Stored data entries:
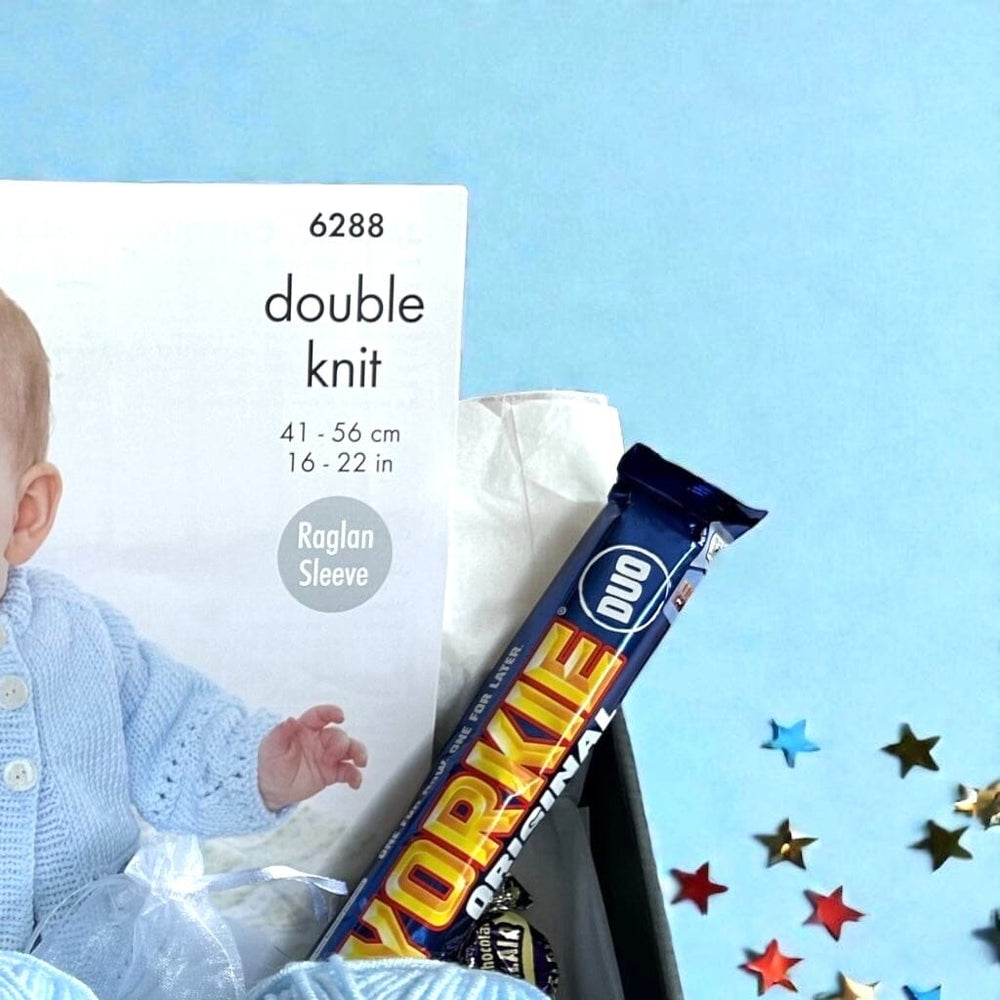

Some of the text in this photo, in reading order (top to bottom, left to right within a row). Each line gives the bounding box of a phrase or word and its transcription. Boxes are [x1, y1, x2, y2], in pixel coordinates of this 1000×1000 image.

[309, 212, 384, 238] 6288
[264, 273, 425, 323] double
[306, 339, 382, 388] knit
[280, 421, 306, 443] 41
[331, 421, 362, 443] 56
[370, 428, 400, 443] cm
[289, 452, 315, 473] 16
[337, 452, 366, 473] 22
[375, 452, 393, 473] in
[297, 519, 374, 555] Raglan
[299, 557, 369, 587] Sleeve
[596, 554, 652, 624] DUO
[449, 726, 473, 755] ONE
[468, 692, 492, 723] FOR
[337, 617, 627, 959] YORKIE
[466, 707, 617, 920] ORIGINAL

EXERCISE DESCRIPTION:
Please copy the data shown above, line by line and exactly, omitting the images.

RESULT OF THIS EXERCISE:
Some of the text in this photo, in reading order (top to bottom, left to right within a row). Each line gives the bounding box of a phrase or word and its transcription. Boxes are [x1, y1, x2, y2], in pixel coordinates of this 1000×1000 image.

[309, 212, 384, 238] 6288
[264, 273, 425, 323] double
[306, 339, 382, 388] knit
[280, 421, 306, 443] 41
[331, 421, 362, 443] 56
[370, 428, 400, 443] cm
[289, 452, 315, 473] 16
[337, 452, 366, 473] 22
[375, 452, 393, 473] in
[297, 519, 374, 555] Raglan
[299, 557, 369, 587] Sleeve
[596, 554, 652, 624] DUO
[449, 726, 473, 755] ONE
[468, 692, 492, 723] FOR
[337, 617, 627, 959] YORKIE
[466, 707, 617, 920] ORIGINAL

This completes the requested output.